Are school report cards really all they’re made out to be? Does a grade of an A or a D show how good, or bad a school really is? Tracy Eley, the principal at Battleground Elementary School doesn’t think so. Instead, Eley and the staff at Battleground choose to look at the whole student rather than just a test score.
“They only judge us 80% on proficiency calculated during a one-day test for third through fifth grade,” she said. “It’s not really looking at the whole picture, the whole child and everything that we do to help children grow.”
In the 2018-2019 report cards issued by the North Carolina Department of Public Instruction, which were released in September, Battleground was the only school within the Lincoln County Schools District that received a grade of a D. Even though the school met growth, it’s still designated by DPI as a low performing school.
There are many things that Eley, the teachers and staff have in place at Battleground to help their students succeed, including a solid lunch and reading buddy program providing children with an additional adult mentor in their lives.
“They spend one on one time with them,” Eley said. “They help them to read and they get to spend time with someone in a non-stressful environment. We’re just spending time enjoying reading and trying to bring back the love of reading.”

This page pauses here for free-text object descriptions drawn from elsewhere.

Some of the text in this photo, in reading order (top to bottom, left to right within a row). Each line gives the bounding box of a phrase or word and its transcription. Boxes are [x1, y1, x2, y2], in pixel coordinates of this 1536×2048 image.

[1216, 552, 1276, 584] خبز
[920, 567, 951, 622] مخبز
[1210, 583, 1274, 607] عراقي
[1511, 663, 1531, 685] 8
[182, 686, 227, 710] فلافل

If a child has an adverse experience in their life, the number one thing that builds resiliency is a strong relationship with an adult, Kennan Eaddy, a counselor at Battleground added. By adding an extra relationship on top of what they may have at home, it gives them more consistency.
“They learn that it doesn’t matter what happened, their reading buddy will still come on Wednesday,” she said. “It’s a peaceful time for them and gives them someone to relate to.”

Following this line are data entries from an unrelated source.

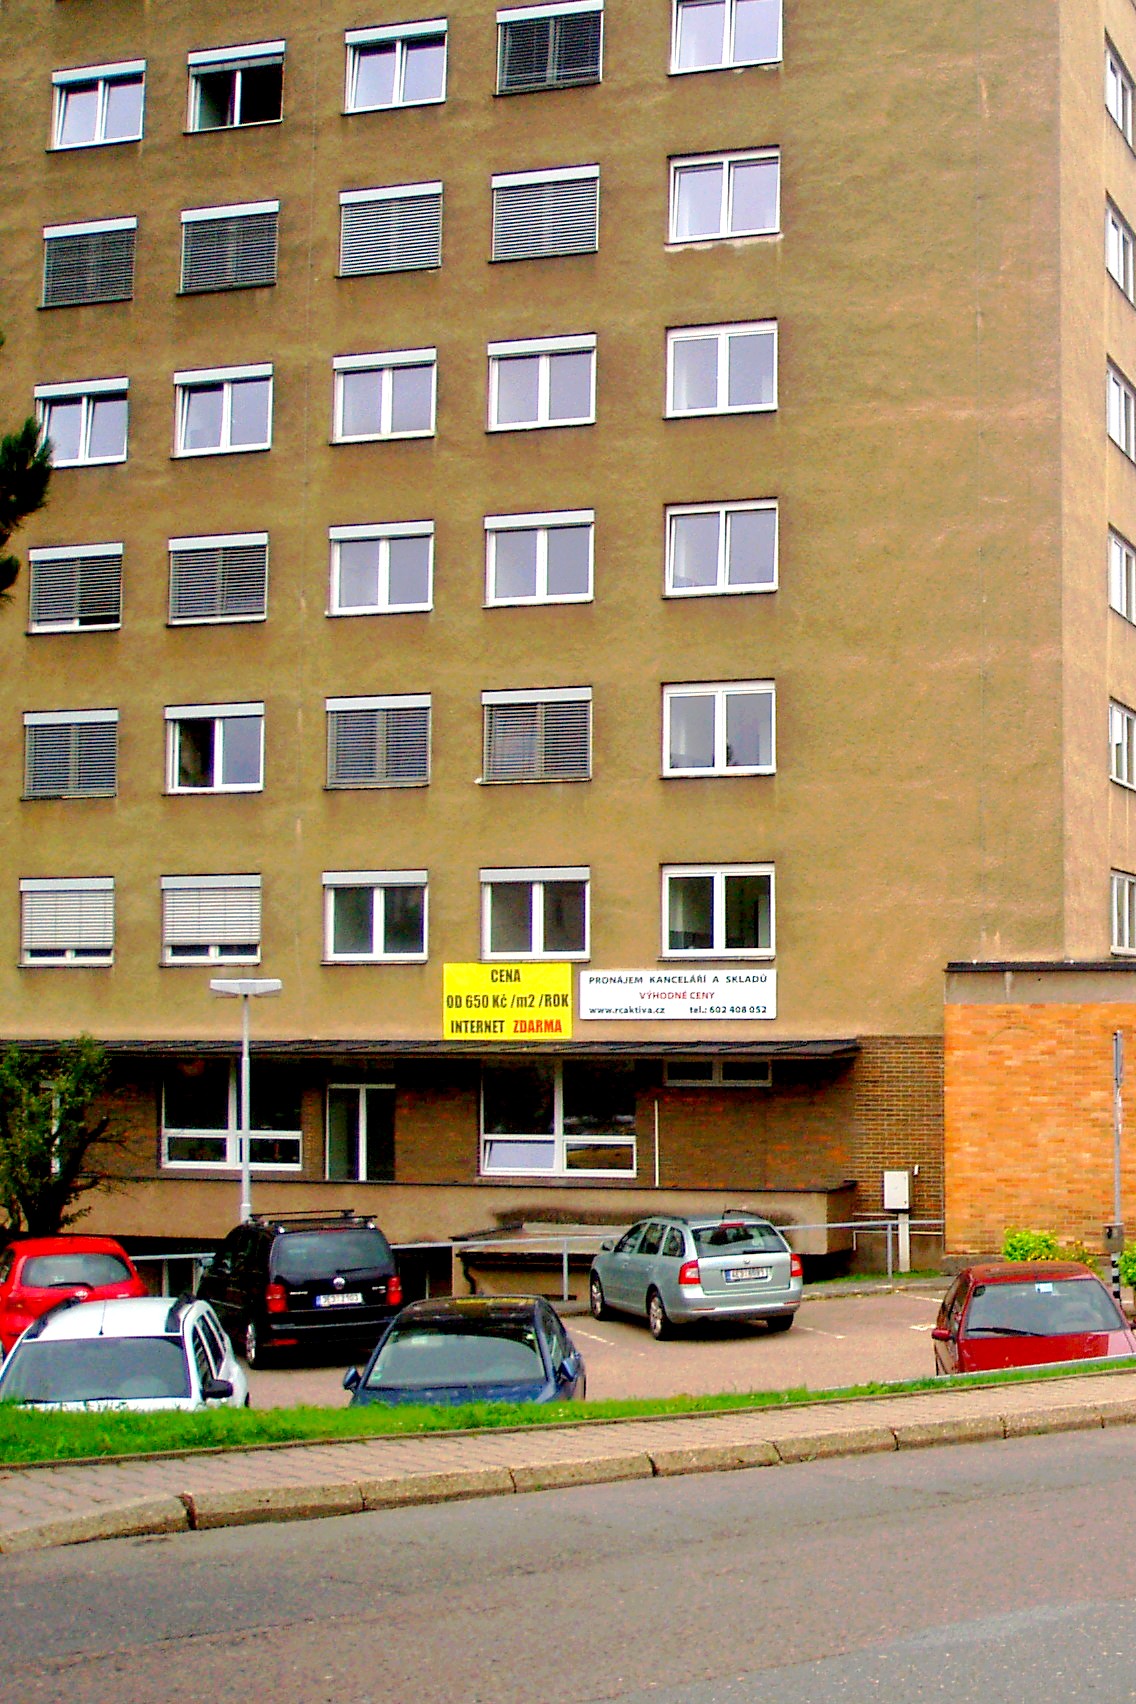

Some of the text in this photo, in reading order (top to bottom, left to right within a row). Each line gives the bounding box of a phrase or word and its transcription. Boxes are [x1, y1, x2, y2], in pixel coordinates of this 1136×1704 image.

[490, 969, 521, 983] CENA
[588, 973, 768, 984] PRONÁJEM KANCELÁŘÍ A SKLADŮ
[446, 994, 463, 1008] OD
[465, 994, 489, 1008] 650
[492, 993, 508, 1008] Kč
[639, 990, 715, 1000] VÝHODNÉ CENY
[588, 1005, 666, 1014] www.rcaktiva.cz
[709, 1005, 727, 1014] 602
[729, 1005, 747, 1014] 408
[749, 1005, 767, 1014] 052
[450, 1019, 563, 1034] INTERNET ZDARMA

Eaddy recently secured a grant from the Northwest Evaluation Association of Educators for an Equity grant in the amount of $10,000. This grant is intended to foster growth for students who face systemic barriers to academic opportunities. She plans to use these funds to pay for intersession and summer camps that provide experiences and instruction to enrich the lives of students and combat the “summer slide.”
Battleground has a benefit that some of the other elementary schools in the district don’t have in that they are able to offer small classroom sizes. There’s no classroom with more than 18 students at the school. They also have guided reading and math for their kindergarten through fifth grade students. This means that instead of whole group teaching and lecturing, students are taught in small groups, rotating between stations.
“So, your level might be really high, and my level may be really low,” Eley said. “Every teacher in this building is trained to accommodate their instruction techniques to best fit you and me all at the same time. All of our groups are one to six kids at a time. I think that’s the best way to teach students.”
The smaller sized classes also equate to there being more technology, Chromebooks and iPads, available to students. Battleground also uses a lot of professional development and have scheduled staff meetings to work towards improving the education they deliver to the students.
“I think the big thing is that our mindset as far as adults in the building is about a whole child,” Eley said. “We can’t really look at just proficiency, we’ve got to look at whether or not they are getting what they need to be successful at Battleground. In the meetings, we talk about academics, relationship building, positive behavior and use all of those things together.”
In the school improvement plan, goals for Battleground include both academic and social and emotional objectives.
“If you stick to only academics, which a lot of times tests do, it’s not setting a child up for the future,” Eaddy said. “It’s setting a child up for a successful three-hour test.”
Sometimes it’s assumed that children come to school knowing how to go to school but that isn’t always the case. This isn’t just limited to Battleground, Eley believes that these deficits are just the nature of elementary schools.
“School’s hard and school’s fun and sometimes we don’t know how to do the fun pieces,” Eaddy said. “Our teachers are very good at teaching kids how to do things and that’s part of the plan as well – not assuming they know how to do things but teaching them.”
There’s a gamut of skills that the teachers and staff at Battleground are trying to teach their students, all in an effort to prepare them for their futures.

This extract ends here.